Human Brunello CRISPR knockout pooled library was a gift from David Root and John Doench (Addgene #73178). Lentivirus was generated by co-transfecting 20 10-cm plates of HEK293T cells with the pooled library and third-generation packaging vectors using Lipofectamine 2000. Virus was harvested 48- and 72-h post transfection. The viral supernatant was precipitated by adding 80 µg/mL polybrene and 80 µg/mL chondroitin sulfate, incubating at 37 °C for 20 min, and centrifuging 10 k g’s for 5 min. The resulting pellet was resuspended in 15 mL RPMI, aliquoted, and frozen at −80 °C.

### Brunello screen in PC9 Cells

The titer of the viral library was measured with a test infection of PC9 cells (ATCC CRL-11350) 12-well plates. After 20 h of exposure to virus, cells were removed from the virus and cultured in 1 µg/mL puromycin for 3 days. For the full-scale screen, infection conditions that yielded a 10% infection efficiency were chosen to achieve a post-selection MOI of ~1. To achieve 150-fold library cover after selection, 13 million cells were infected in 12-well plates at 250 k cells/well. After infection, cells were cultured in 1 µg/mL puromycin for 3 days, and the 10% infection efficiency was confirmed by comparing cell counts in wells with and without puromycin. After selection, cells were maintained in T175 flasks, with passage every 3 days to maintain a minimum of 500-fold library coverage (minimum of 38 million cells). Cells were harvested at day 21, and gDNA was extracted from a pellet of 35 million cells (~450-fold library coverage). The guide library was prepared using the Brunello sequencing protocol provided by Addgene. The library was sequenced on a HiSeq 3000 (single-read 50 bp).

### Standalone lossy 200 screen in PC9 cells

The standalone Lossy 200 screen in PC9 cells was performed similar to the full-scale Brunello screen. The subset of L200 gene guides from the Avana library (800 guides) were synthesized and cloned into lentiCRISPRv2 (Addgene #52961). Successful library coverage was confirmed with NGS. The L200 lentivirus was prepared in two 10-cm plates, similar to the Brunello virus, and titered to achieve 10% infection efficiency. Three million PC9 cells were infected in order to achieve ~225-fold library coverage per replicate following selection. Infected cells were maintained in 10-cm plates, passaging to a minimum of 400 k cells (500-fold library coverage). Cells were harvested at day 21, and gDNA was extracted from a pellet of 1 million cells (~1250-fold library coverage). The guide library was prepared and sequenced as in the Brunello screen.

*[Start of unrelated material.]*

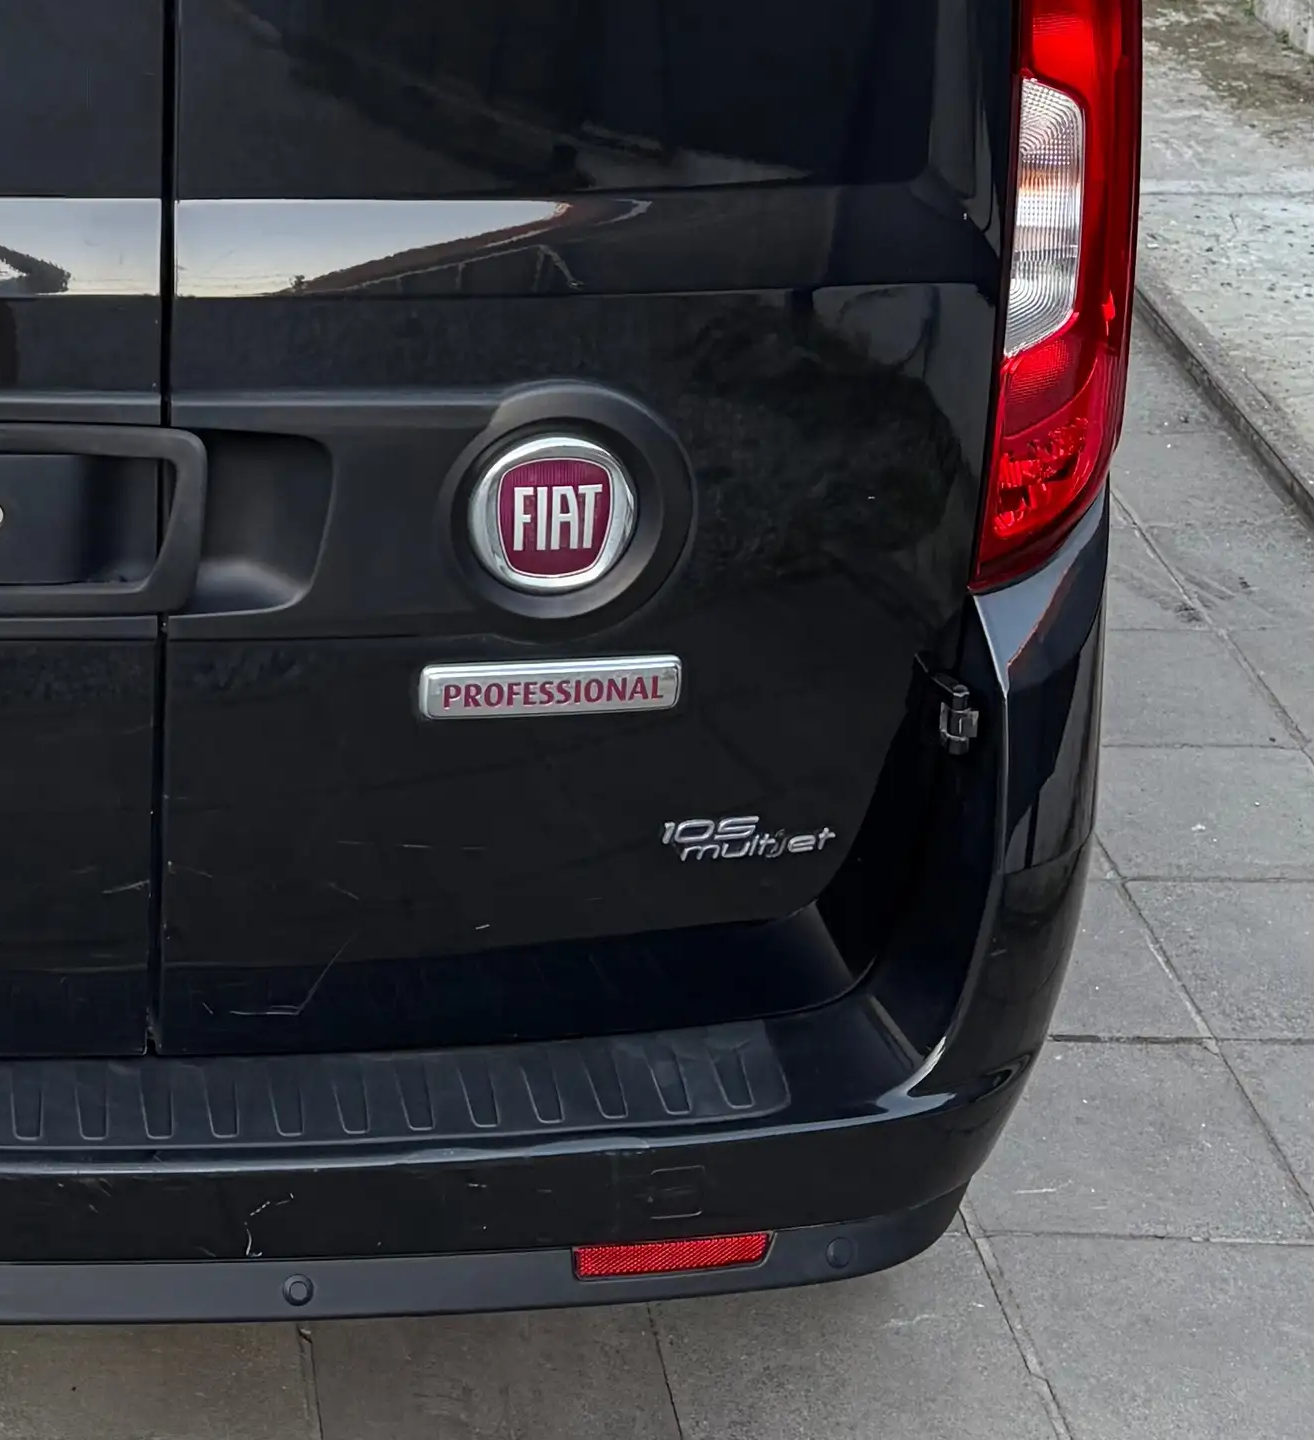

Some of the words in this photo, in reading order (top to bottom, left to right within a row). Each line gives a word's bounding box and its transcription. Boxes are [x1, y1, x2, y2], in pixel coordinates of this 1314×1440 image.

### CERES score analysis in L200 standalone screen

Guide counts were determined from the sequencing data using the Broad Institute’s PoolQ shell script. Log-fold change in guide abundance was calculated relative to pDNA values. The log-fold changes were subjected to the QC metrics outlined in Dempster 201914Gene essentiality was inferred using the R package ceres, and scores were scaled such that the median essential gene and nonessential gene (from the list developed by Hart et al.23) core was −1 and 0, respectively. For the standalone L200 screen, there was no overlap between the L200 gene set and the nonessential gene set. In this case, the depletion values were scaled such that the median essential gene score was −1, and the median conditionally essential gene effect matched that of the average conditionally essential gene scores across all cell lines in the Achilles dataset.

### Brunello PC9 and To et al. data analysis

The 19Q3 CERES scores were used as training data for model construction. For model predictions, the To et al.47 and Brunello PC9 L200 CERES scores were extracted and used to predict the other measured scores in Brunello PC9 and To et al.47 drug screen. For the standalone PC L200 screens, the standalone L200 values were used to predict the other measured values in Brunello PC9 data. Data preprocessing and feature selection of these external data were followed47.

### Reporting summary

Further information on research design is available in the Nature Research Reporting Summary linked to this article.